* _Your goal_:
Write out each record exactly as given, but do not include the pictures.

=== Excerpted records ===

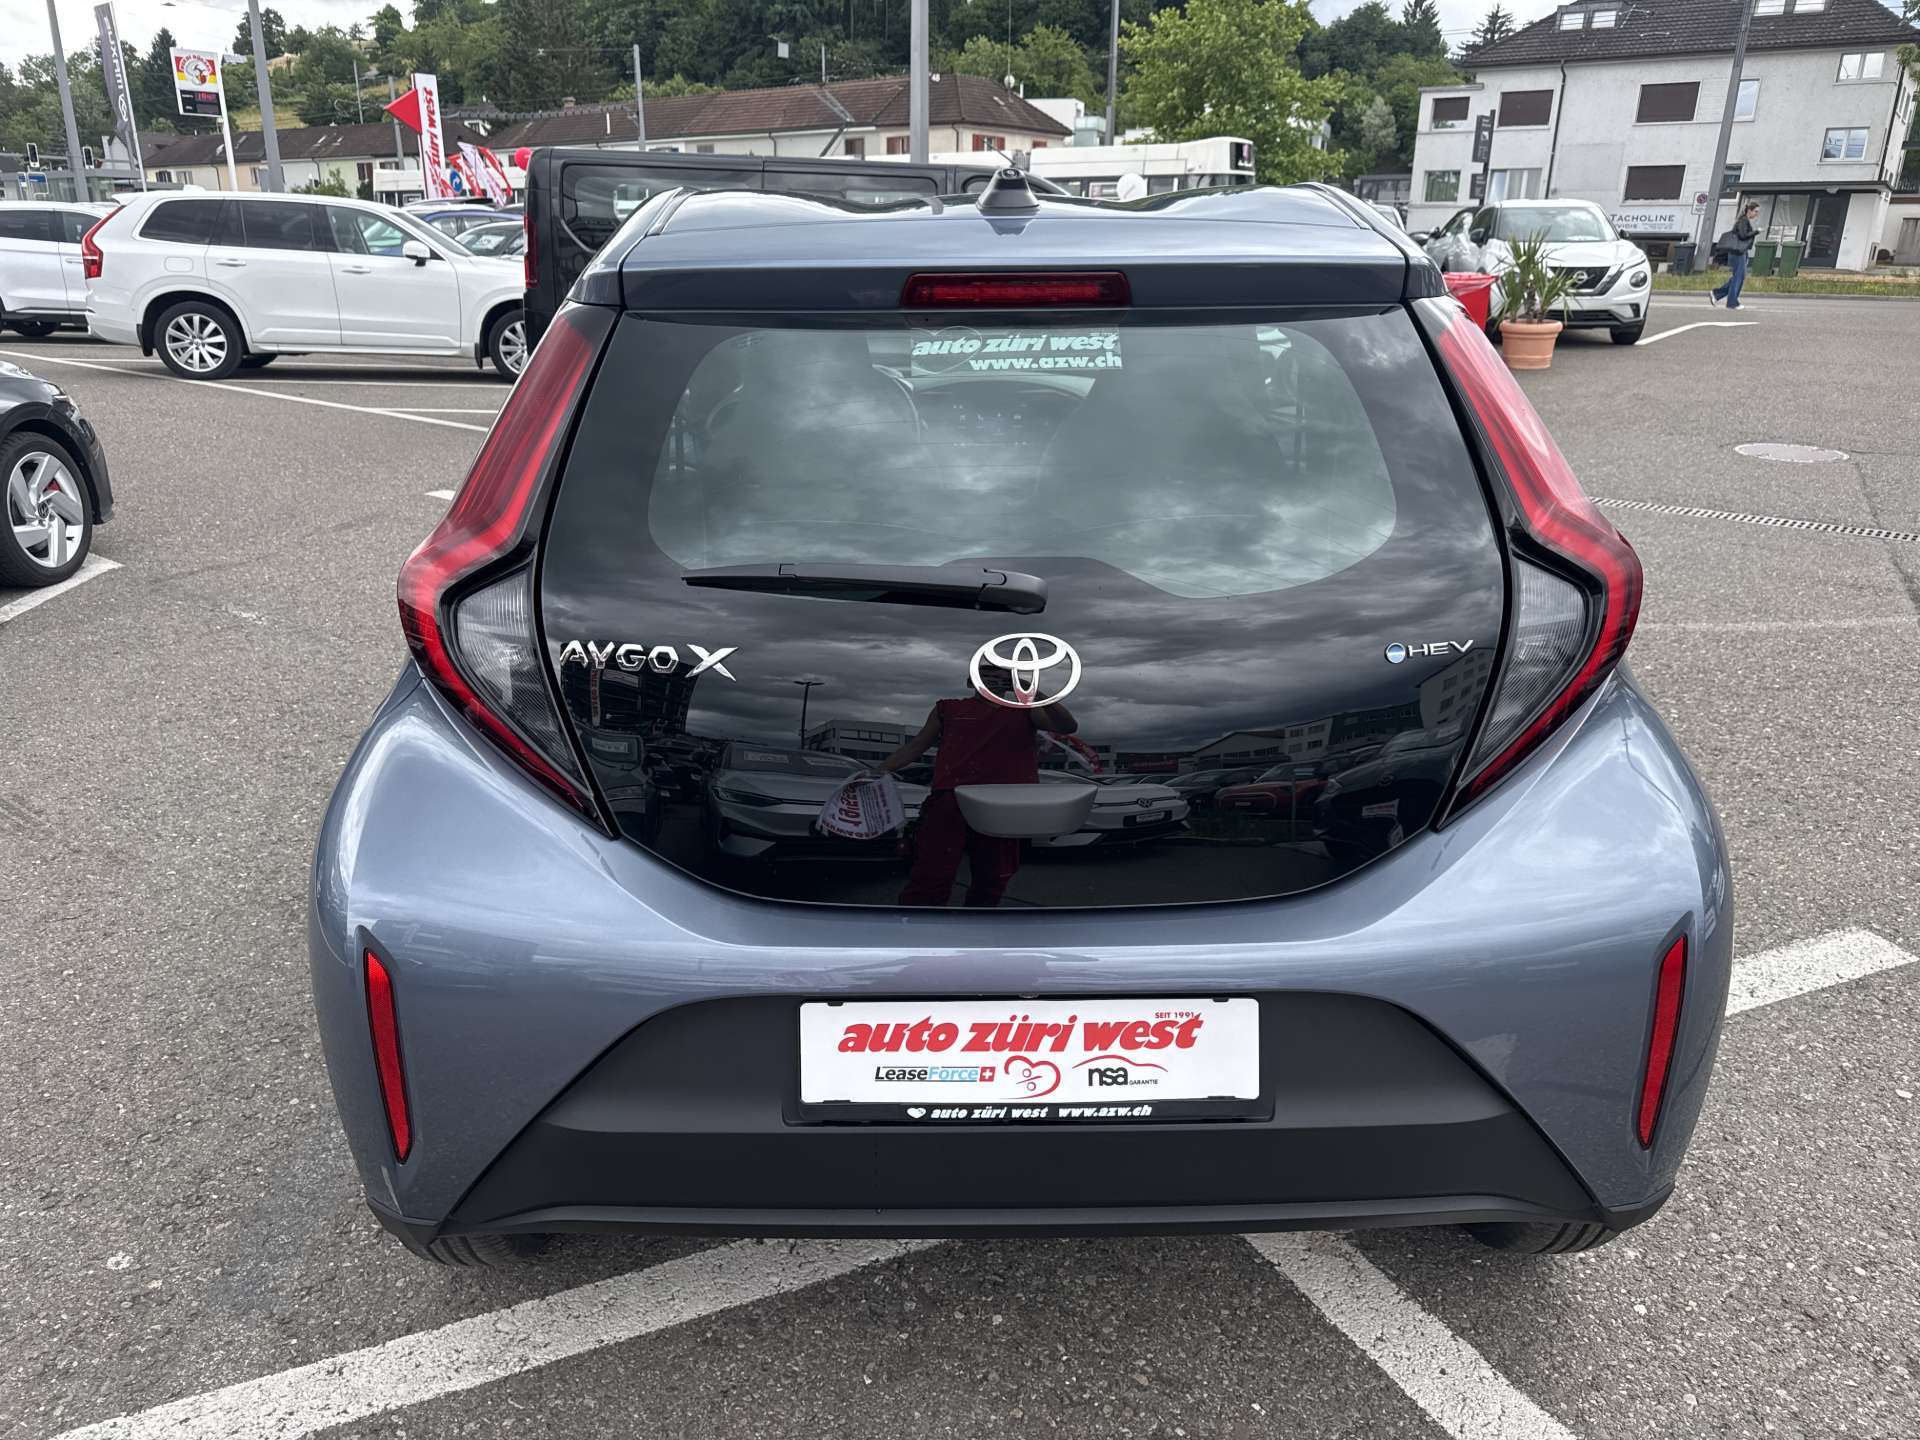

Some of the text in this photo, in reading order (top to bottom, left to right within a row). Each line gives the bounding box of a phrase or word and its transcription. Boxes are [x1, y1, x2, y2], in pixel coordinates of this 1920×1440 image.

[423, 87, 437, 128] west
[1610, 213, 1675, 223] TACHOLINE
[912, 334, 1119, 356] auto züri west
[969, 351, 1122, 371] www.azw.ch
[1408, 639, 1474, 658] HEV
[559, 639, 741, 682] AYGO X
[1174, 1011, 1195, 1019] 1991
[838, 1012, 1204, 1053] auto züri west
[874, 1066, 979, 1083] LeaseForce
[1088, 1066, 1129, 1087] nsa
[930, 1104, 1153, 1119] auto züri west www.azw.ch
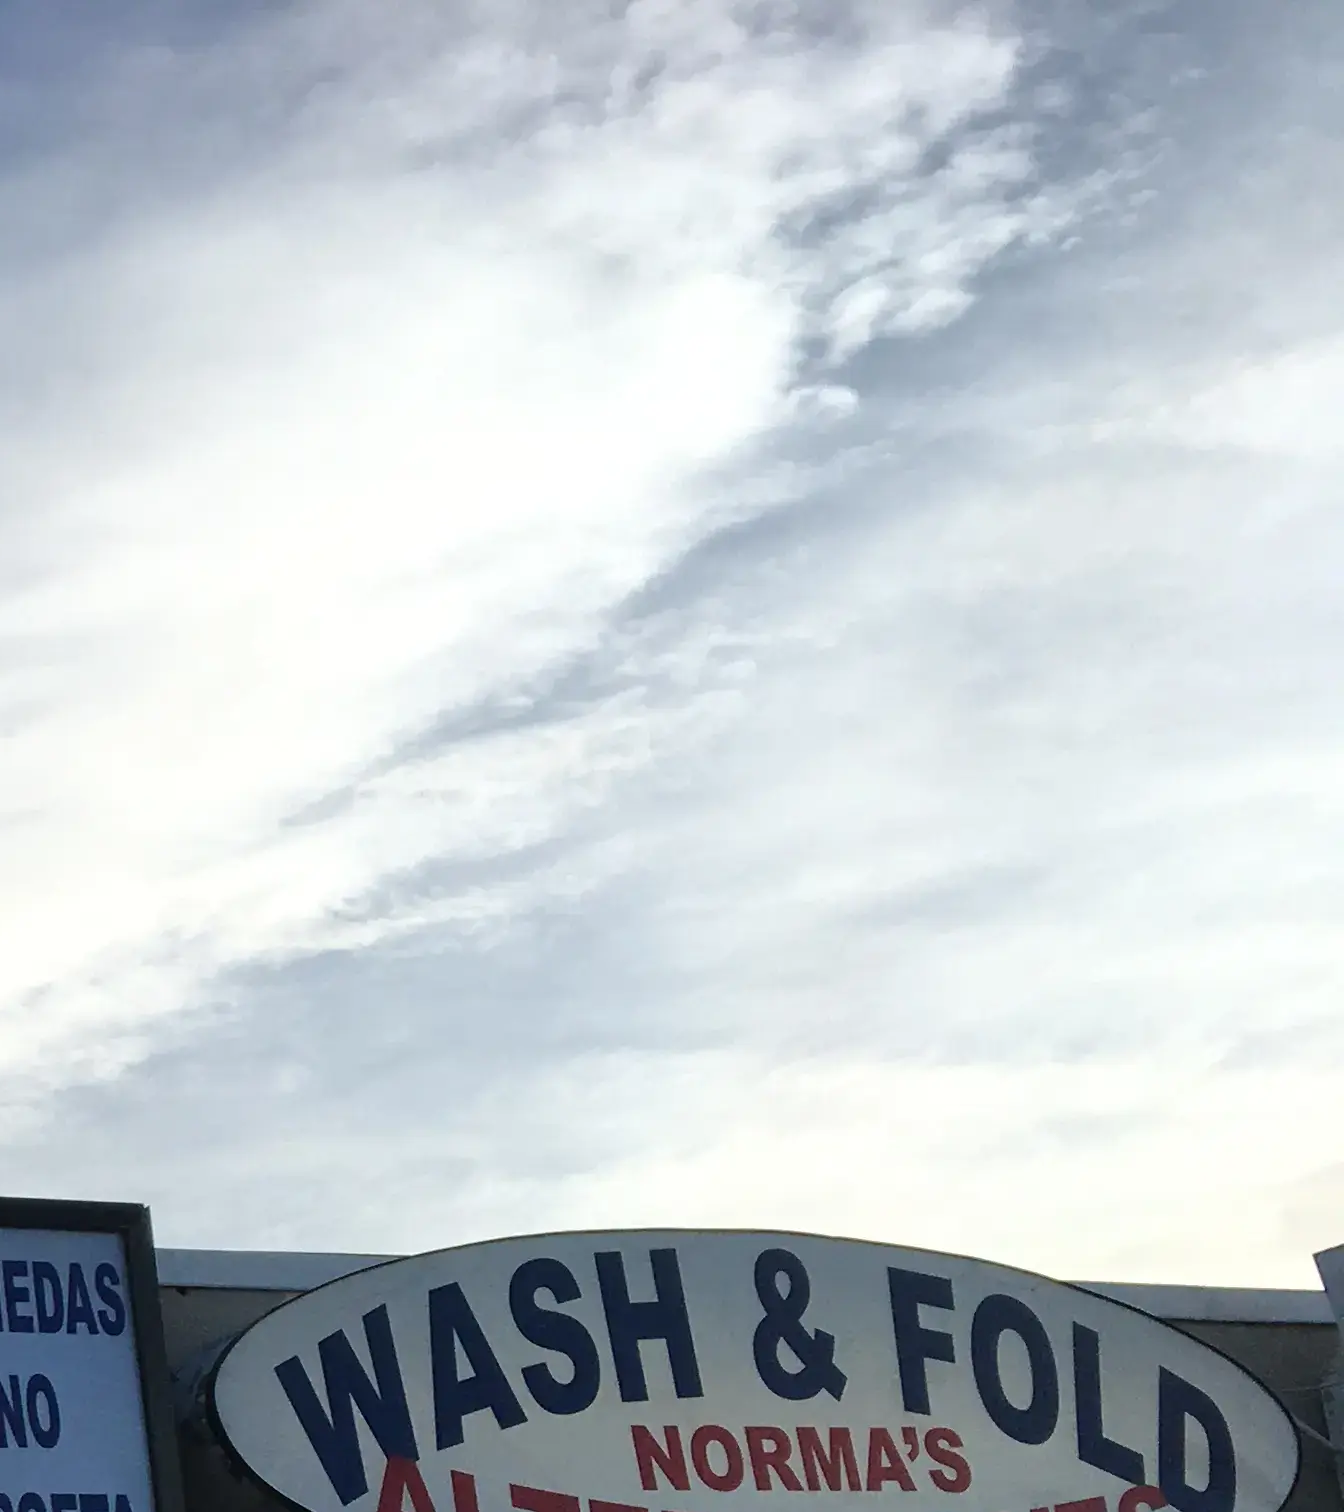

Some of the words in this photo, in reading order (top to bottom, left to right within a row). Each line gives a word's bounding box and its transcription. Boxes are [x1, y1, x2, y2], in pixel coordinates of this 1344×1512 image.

[273, 1247, 705, 1506] WASH
[752, 1248, 848, 1403] &
[629, 1423, 973, 1496] NORMA'S

===

* _Written answer_:
Some of the text in this photo, in reading order (top to bottom, left to right within a row). Each line gives the bounding box of a phrase or word and its transcription. Boxes are [x1, y1, x2, y2], in pixel coordinates of this 1920×1440 image.

[423, 87, 437, 128] west
[1610, 213, 1675, 223] TACHOLINE
[912, 334, 1119, 356] auto züri west
[969, 351, 1122, 371] www.azw.ch
[1408, 639, 1474, 658] HEV
[559, 639, 741, 682] AYGO X
[1174, 1011, 1195, 1019] 1991
[838, 1012, 1204, 1053] auto züri west
[874, 1066, 979, 1083] LeaseForce
[1088, 1066, 1129, 1087] nsa
[930, 1104, 1153, 1119] auto züri west www.azw.ch

Some of the words in this photo, in reading order (top to bottom, left to right within a row). Each line gives a word's bounding box and its transcription. Boxes are [x1, y1, x2, y2], in pixel coordinates of this 1344×1512 image.

[273, 1247, 705, 1506] WASH
[752, 1248, 848, 1403] &
[629, 1423, 973, 1496] NORMA'S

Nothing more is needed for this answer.